## Your task
Repeat every record below exactly, but leave out any pictures.

## Listed records
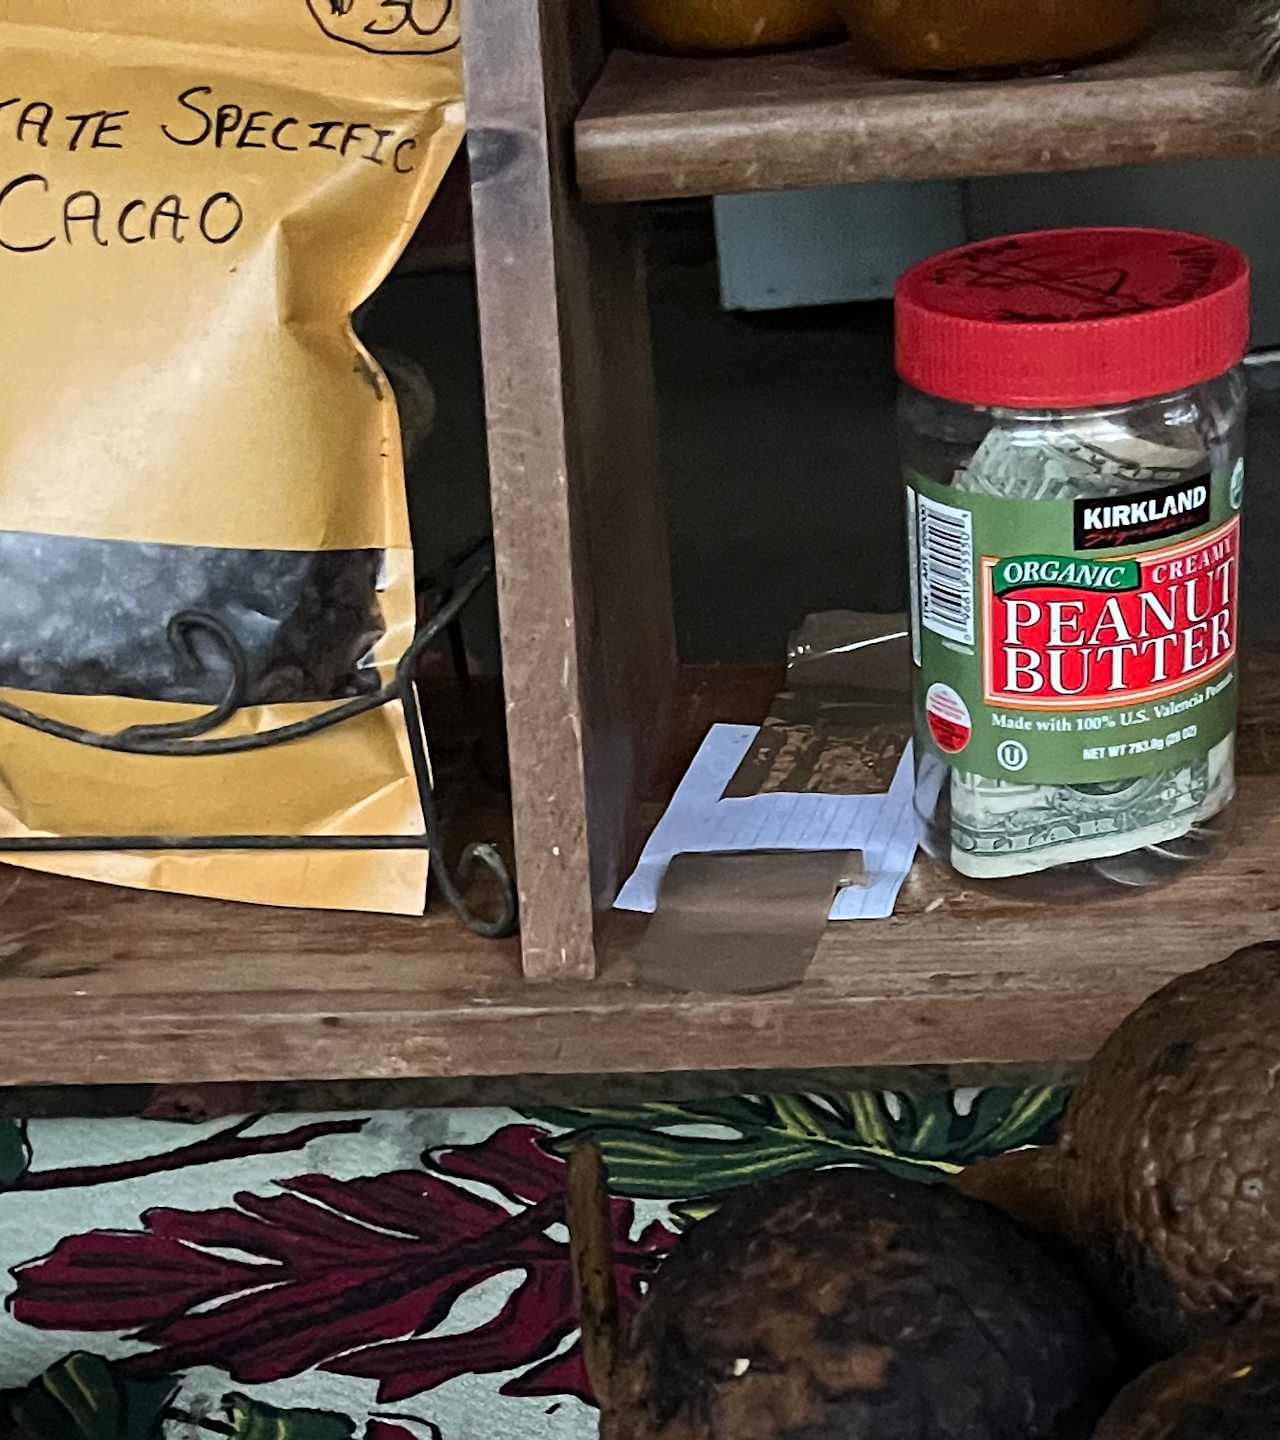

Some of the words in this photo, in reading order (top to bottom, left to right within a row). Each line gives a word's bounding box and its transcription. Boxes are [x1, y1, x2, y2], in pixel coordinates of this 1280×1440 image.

[160, 84, 416, 175] SPECIFIC
[1083, 485, 1207, 530] KIRKLAND
[1002, 560, 1126, 588] ORGANIC
[1151, 537, 1232, 584] CREAMY
[1002, 557, 1234, 647] PEANUT
[1002, 609, 1232, 695] BUTTER
[991, 712, 1033, 731] Made
[1036, 718, 1071, 732] with
[1075, 715, 1116, 731] 100%
[1120, 709, 1150, 726] U.S.
[1153, 692, 1204, 719] Valencia
[1082, 748, 1105, 761] NET
[1108, 745, 1126, 758] WT

## Your response
Some of the words in this photo, in reading order (top to bottom, left to right within a row). Each line gives a word's bounding box and its transcription. Boxes are [x1, y1, x2, y2], in pixel coordinates of this 1280×1440 image.

[160, 84, 416, 175] SPECIFIC
[1083, 485, 1207, 530] KIRKLAND
[1002, 560, 1126, 588] ORGANIC
[1151, 537, 1232, 584] CREAMY
[1002, 557, 1234, 647] PEANUT
[1002, 609, 1232, 695] BUTTER
[991, 712, 1033, 731] Made
[1036, 718, 1071, 732] with
[1075, 715, 1116, 731] 100%
[1120, 709, 1150, 726] U.S.
[1153, 692, 1204, 719] Valencia
[1082, 748, 1105, 761] NET
[1108, 745, 1126, 758] WT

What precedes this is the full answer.